Most cat owners did not go to medical school, so when their veterinarian diagnoses their feline friend with a luxating patella, their look will probably be one of confusion. Most people have heard of the patella, and know it's the medical term for a kneecap. "Luxating" simply means "out of place" or "dislocated," reports VCA Animal Hospitals. This means the animal's kneecap may frequently pop out of its socket.
Luxating patella in cats is a treatable condition, once diagnosed. The clinical signs of a luxating patella are typically pretty easy to spot. The cat will likely favor the knee in which the problem is occurring, and may limp or avoid using that leg. Pet owners should note if their animal seems less active than usual, particularly if the animal is showing difficulty jumping, as this activity requires both knees and kneecaps to be working correctly.
Luxating patellas aren't necessarily permanent. Like any other joint, it's possible to pop the dislocated kneecap back into place. Many cats learn to do this on their own naturally, usually by kicking their leg out to the side. This can snap the patella back into place and allow the cat to walk normally. However, the condition is likely to recur over time. Thus, pet owners should not treat this as a permanent solution and make an appointment with the vet to get the knee looked at.
On its own, a cat is likely to be able to tolerate a luxating patella for many years. However, owners should intervene if possible because the condition can ultimately lead to arthritis in cats, which cannot be reversed once it begins. A problematic patella also increases the likelihood of the cat tearing the ligaments in its knee, which can be very painful.

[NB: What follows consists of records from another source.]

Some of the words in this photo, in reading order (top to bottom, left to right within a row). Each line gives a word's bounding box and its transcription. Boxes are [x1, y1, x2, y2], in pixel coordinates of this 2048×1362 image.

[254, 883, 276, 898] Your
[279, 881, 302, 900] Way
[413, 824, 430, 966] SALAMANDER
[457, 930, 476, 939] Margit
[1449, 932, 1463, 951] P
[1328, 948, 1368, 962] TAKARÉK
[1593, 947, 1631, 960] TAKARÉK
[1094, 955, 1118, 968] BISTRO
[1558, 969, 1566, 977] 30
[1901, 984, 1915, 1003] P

The only way to permanently correct this problem with cats' kneecaps is through surgery. The procedure is simple and most cats will be feeling better in no time at all. Cats that undergo corrective surgery before arthritis begins to develop generally have a good prognosis and should be able to walk normally. On the other hand, felines that have developed arthritis due to a luxating patella will need to undergo additional treatment and will likely need to manage the pain through specialized cat medications.